Are you content? When we talk about being content it conjures up many different views. One of the most common beliefs, is that, if you are content, then, you are happy. This is not necessarily correct, although happiness can come with being content, however, the two emotions do not necessarily correlate.
These four points must be considered if we want to achieve contentment:
- Things won’t make us content
- Being content does not necessarily mean we are happy
- Being content doesn’t mean giving up our goals
- Contentment is a skill which we have to learn
We all have an idea of what would make us content, we just don’t necessarily know how to get to that state. We can start by going through the four points:
- Things won’t make us content – We all know it. Obvious isn’t it?
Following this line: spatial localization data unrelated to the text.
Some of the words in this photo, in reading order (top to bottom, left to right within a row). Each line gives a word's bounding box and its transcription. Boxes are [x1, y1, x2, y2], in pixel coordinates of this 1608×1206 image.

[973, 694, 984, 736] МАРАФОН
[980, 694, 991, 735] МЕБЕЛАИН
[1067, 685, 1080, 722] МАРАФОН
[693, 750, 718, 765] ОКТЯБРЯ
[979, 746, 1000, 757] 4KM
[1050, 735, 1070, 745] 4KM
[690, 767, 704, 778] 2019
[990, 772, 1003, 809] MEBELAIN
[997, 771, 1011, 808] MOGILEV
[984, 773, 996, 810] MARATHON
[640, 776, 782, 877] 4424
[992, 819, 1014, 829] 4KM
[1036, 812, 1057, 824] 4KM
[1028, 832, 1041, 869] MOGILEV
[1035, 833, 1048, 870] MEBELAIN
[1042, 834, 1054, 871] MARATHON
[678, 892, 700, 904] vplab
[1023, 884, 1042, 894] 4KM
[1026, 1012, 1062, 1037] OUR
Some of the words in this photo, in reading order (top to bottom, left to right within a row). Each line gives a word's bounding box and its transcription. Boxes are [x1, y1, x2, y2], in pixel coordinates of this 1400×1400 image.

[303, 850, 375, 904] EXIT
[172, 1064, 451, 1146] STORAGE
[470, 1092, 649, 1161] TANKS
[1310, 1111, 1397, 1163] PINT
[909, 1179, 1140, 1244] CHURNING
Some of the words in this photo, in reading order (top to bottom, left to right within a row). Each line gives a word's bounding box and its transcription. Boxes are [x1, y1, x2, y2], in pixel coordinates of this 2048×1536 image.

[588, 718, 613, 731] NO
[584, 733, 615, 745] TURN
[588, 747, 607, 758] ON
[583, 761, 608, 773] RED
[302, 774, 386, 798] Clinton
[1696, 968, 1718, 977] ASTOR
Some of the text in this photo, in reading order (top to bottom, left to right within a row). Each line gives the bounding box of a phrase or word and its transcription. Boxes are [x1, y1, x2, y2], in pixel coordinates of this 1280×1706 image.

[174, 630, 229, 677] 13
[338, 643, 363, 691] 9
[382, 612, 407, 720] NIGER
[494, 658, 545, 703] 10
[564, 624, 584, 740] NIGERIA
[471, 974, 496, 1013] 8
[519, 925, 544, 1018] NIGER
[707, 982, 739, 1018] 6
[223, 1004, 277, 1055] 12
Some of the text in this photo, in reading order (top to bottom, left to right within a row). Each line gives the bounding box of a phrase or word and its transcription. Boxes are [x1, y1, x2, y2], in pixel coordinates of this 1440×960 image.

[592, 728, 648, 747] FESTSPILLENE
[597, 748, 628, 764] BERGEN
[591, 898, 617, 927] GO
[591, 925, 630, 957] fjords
Yet we find ourselves thinking, if I had a new car, more money, financial freedom, a big(ger) house I would be content. The problem is, that house, car, latest fashion clothes, handbag, shoes, smart phone or gadget etc. will always get old. The little euphoria we feel when they are new, fades fairly quickly. This is why, the more we tend to earn, the more we want and less content we become. Yes, we can blame the marketers for years of brainwashing, rightly so, as it played a big part in our thought process. However, we can end the cycle within ourselves, we choose not to do it, the marketers are in no rush to persuade us to buy less stuff and we continue to oblige. Seeking contentment in material goods, is an expensive way to fail.
- Being content does not necessarily mean we are happy – When we are content, we have accepted this is a goal achieved. Maybe we are free of debt, we are content to be living within are means and go about our days purchasing only what we need, this doesn’t translate into happiness. Although we have changed our lifestyle and got rid of a stressful element, we can still be bored, unhappy and looking for an injection of fun. This is where we end up undoing all the good work and making purchases looking for the thrill once again. This is because we have confused being content with our situation to translate immediately into happiness.
- Being content doesn’t mean giving up our goals – Ok, so we are content. We have also achieved happiness, we are happy. This doesn’t mean we are living our dream. We still have many desires, not materialistic ones, that we seek. Being content is recognising what we have, not refusing to progress or stagnate. We may have a wish to travel round the world, because we are happy and content with our life, doesn’t mean that goal should be suppressed or ignored. We simply work at fitting it into our new lifestyle. The difference is, we know travelling round the world isn’t going to give us eternal contentment and happiness. When the goals is completed we are content with achieving another goal in our life.
- Contentment is a skill which we have to learn – We are always learning. It is not easy to be content, especially in a culture where marketing has had many years to perfect the brainwashing machine. Every once in a while a tragedy occurs and we are reminded that having our health, safety and close friends and family is a privilege. Alas, it doesn’t last and we are on a drive for bigger and better achievements. I’ve written many posts about striving, not standing still and aiming for more out of life. This has to be balanced with recognising our achievements, understanding and learning to be content with ourselves and what we have (family, friends, mental calmness). We have to learn to let go of the tangible stuff, this doesn’t mean never wanting anything again, more about taming desire.
Learning to be content and being happy is a skill. Connecting the two emotions without expecting that one will automatically lead to the other requires work. The bigger lesson is, we can all be content now, yes, right now, no matter our situation. It requires a change of mindset, one not based on the accumulation of more things.